China is the largest commercial partner in Australia, so the health of the Chinese economy is a major impact on the value of the Australian dollar (AUD). When the Chinese economy does a good job, it buys more raw materials, commodities and services from Australia, raising the demand for AUD, and raising its value. The opposite is the case when the Chinese economy does not grow at the speed available. Positive or negative surprises in Chinese growth data, therefore, they often have a direct impact on the Australian dollar and its wives.
Iron Ore is the largest export in Australia, as it represents 118 billion dollars annually according to data from 2021, with China as its main destination. Therefore, the price of iron ore can be an engine for the Australian dollar.
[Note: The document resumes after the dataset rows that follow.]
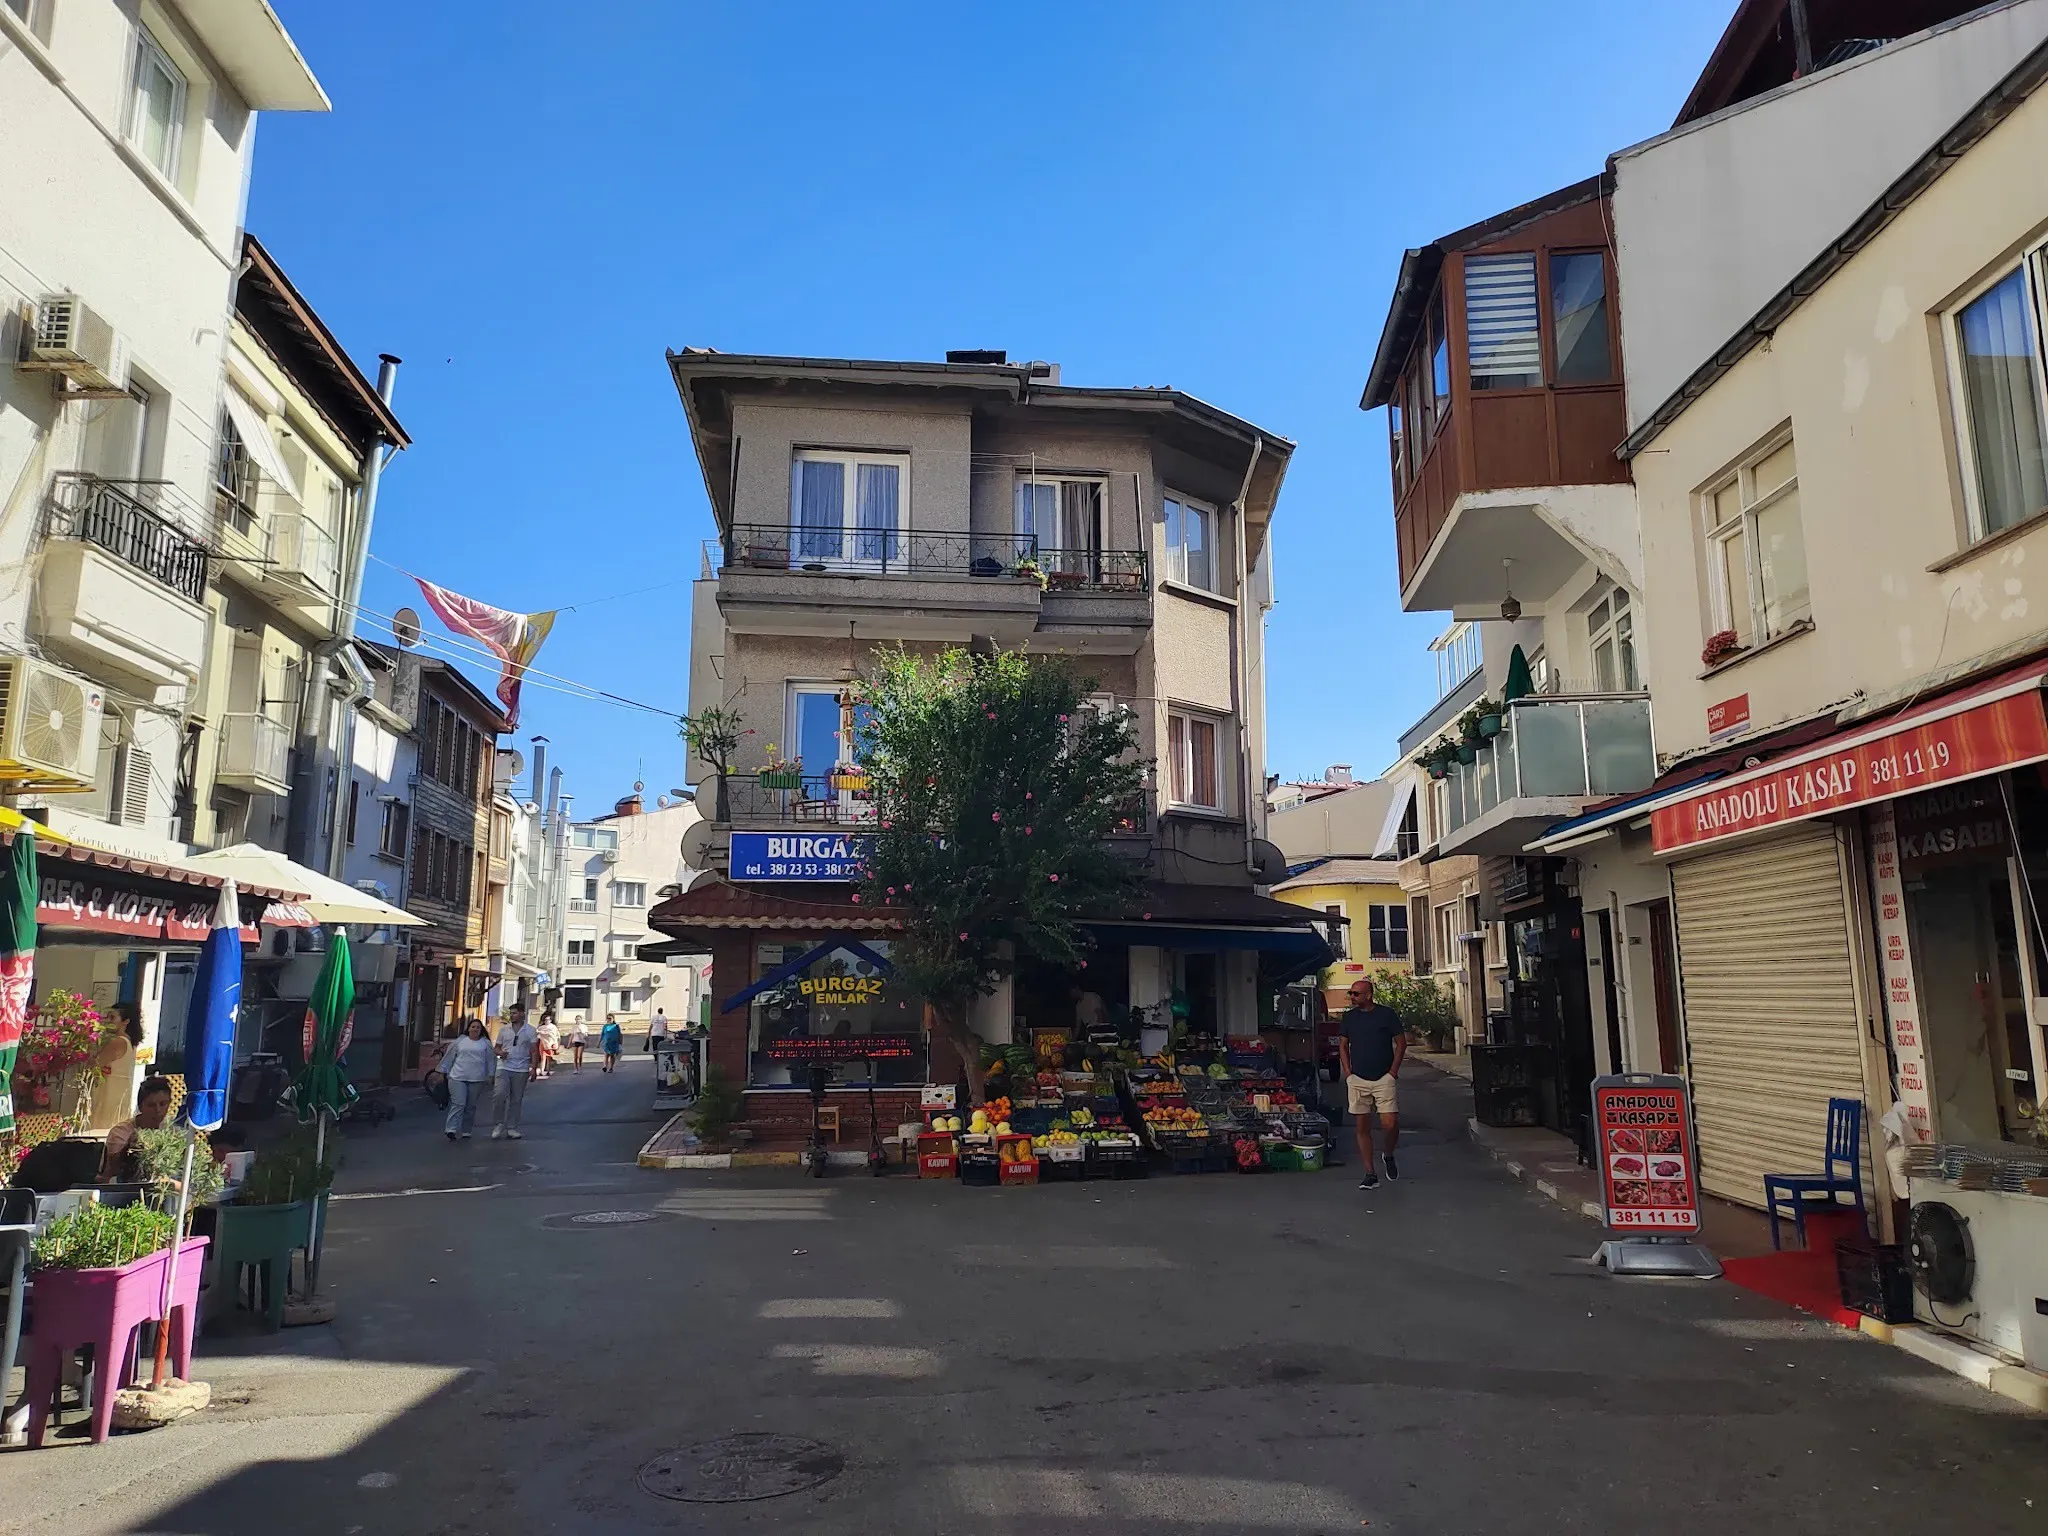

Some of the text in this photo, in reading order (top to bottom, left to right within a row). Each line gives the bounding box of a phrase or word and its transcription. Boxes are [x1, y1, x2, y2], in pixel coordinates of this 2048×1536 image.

[1697, 742, 1950, 831] ANADOLU KASAP 381 11 19
[1899, 820, 2004, 859] KASABI
[767, 838, 865, 858] BURGAZ
[746, 864, 765, 875] tel.
[770, 864, 786, 875] 381
[790, 864, 802, 875] 23
[38, 876, 85, 920] REÇ
[88, 887, 102, 918] &
[1882, 894, 1898, 905] ADANA
[1884, 908, 1898, 920] KEBAP
[1888, 950, 1904, 960] KEBAP
[800, 976, 883, 995] BURGAZ
[1891, 978, 1908, 989] KASAP
[815, 993, 868, 1004] EMLAK
[1892, 992, 1910, 1002] SUCUK
[1896, 1020, 1914, 1032] BATON
[1897, 1034, 1916, 1047] SUCUK
[1903, 1062, 1918, 1074] KUZU
[1900, 1076, 1923, 1091] PİRZOLA
[1605, 1096, 1676, 1110] ANADOLU
[1619, 1112, 1666, 1124] KASAP
[928, 1158, 950, 1168] KAVUN
[1008, 1164, 1032, 1174] KAVUN
[1616, 1211, 1691, 1224] 381 11 19
In general, if the price of iron ore rises, the AUD also rises, as the total demand for the currency increases. The opposite is the case if the price of iron ore decreases. Iron ore prices also tend to increase the possibility of a positive commercial balance for Australia, which is also positive for AUD.
The commercial balance, which is the difference between what a country earns from its exports in exchange for what it pays for its imports is another factor that can affect the value of the Australian dollar. If Australia produces very required after exports, its currency will obtain a value of the excess demand created from foreign buyers who seek to buy its exports in exchange for what it spends on buying imports. Therefore, the positive net trade balance enhances AUD, with the opposite effect if the trade balance is negative.